10. Regional and Institutional Typologies

  • Research-Intensive Core Universities: Likely to build bespoke systems, integrate with data lakes, and lead on governance frameworks; may pilot small local models for privacy-sensitive tasks.

  • Teaching-Focused Institutions: Prioritize advising and tutoring at scale; rely on platform partners; focus governance on procurement checklists and staff development.

  • Open and Distance Providers: Emphasize 24/7 multilingual support, adaptive pacing, and nudges; invest in analytics-informed coaching.

  • Emerging Universities (Peripheral/Semi-Periphery): Seek low-cost, high-impact solutions; face bandwidth and localization constraints; benefit from open standards and regional collaborations.


11. Scenarios: Where the Field Might Head Next

  1. Human-Centered Augmentation (Preferred): AI handles routine tasks, while staff redeploy time to mentoring and community-building; equity gaps narrow through proactive support.

  2. Automation Drift: Efficiency imperative dominates; staff reductions outpace reinvestment; relational support erodes; inequities deepen.

  3. Platform Lock-In: Proprietary ecosystems dictate terms; innovation slows; peripheral institutions become passive consumers of updates.

  4. Open Standards and Shared Evaluation: Consortia produce evidence-based patterns; multiple vendors and local models interoperate; institutions retain strategic autonomy.


12. Practical Checklist for Leaders (Actionable SEO-Friendly Guidance)

  • Set Purpose: Define student support outcomes (access, persistence, well-being).

  • Map Risks: Identify privacy, bias, and integrity risks for each use case.

  • Choose Architecture: Combine local models for sensitive data with external LLMs for general language tasks; use retrieval for policy accuracy.

  • Train People: Build AI literacy for staff and prompt literacy for students as a core academic skill.

  • Measure What Matters: Evaluate learning gains, equity of access, student satisfaction, and total cost of ownership.

  • Publish and Improve: Release evaluation summaries; invite peer review; iterate on guardrails and pedagogy.


13. Conclusion: A Turning Point That Demands Judgment

This September, GenAI is becoming a normal part of student support. That normalization is not value-neutral: it shifts how help is requested, how advice is given, and how academic communities care for their members. Using Bourdieu’s capital, we see how advantages cluster unless deliberate measures cultivate prompt literacy, shared resources, and mentoring. Using world-systems theory, we recognize how platform power can widen global gaps without regional capacity-building. Using institutional isomorphism, we understand why convergence is happening—and why local evidence and plural experimentation are essential to avoid premature lock-in.

The question is not whether GenAI will be used, but how.

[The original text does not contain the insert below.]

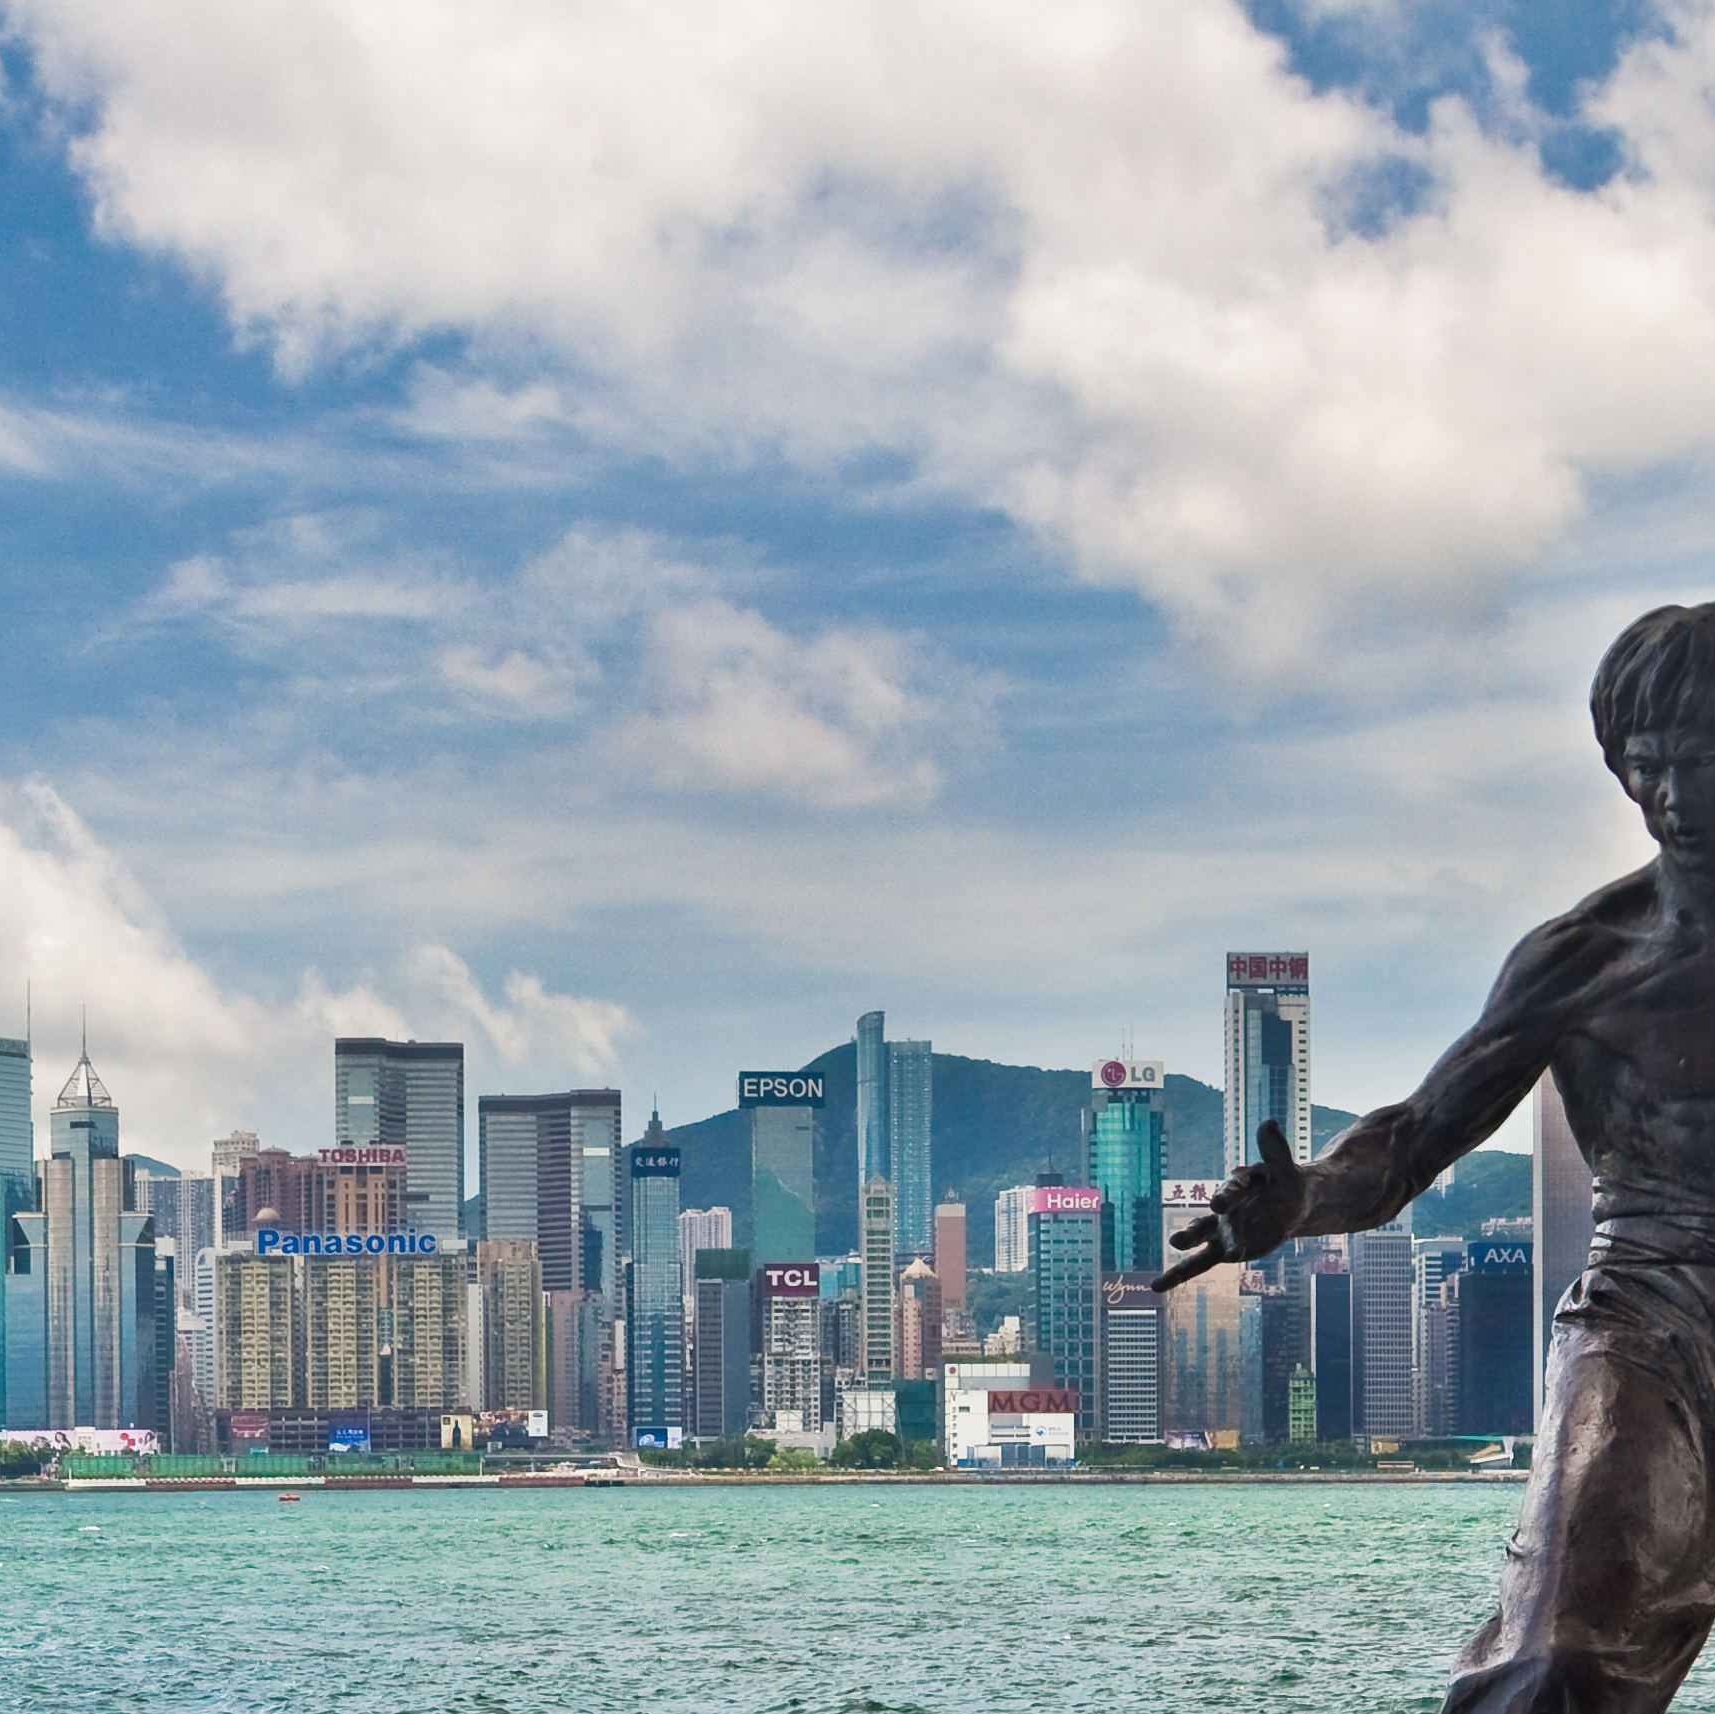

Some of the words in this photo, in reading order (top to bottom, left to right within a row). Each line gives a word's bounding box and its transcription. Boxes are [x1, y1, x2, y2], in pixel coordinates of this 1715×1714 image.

Institutions have agency: to design hybrid services that elevate human care, to measure equity rather than assume it, and to insist that trust is earned through transparent, ongoing evaluation. If the sector treats this moment as an opportunity to align technology with educational purpose, the promise of broader access and better support can become real—without sacrificing the relationships and values that make education transformative.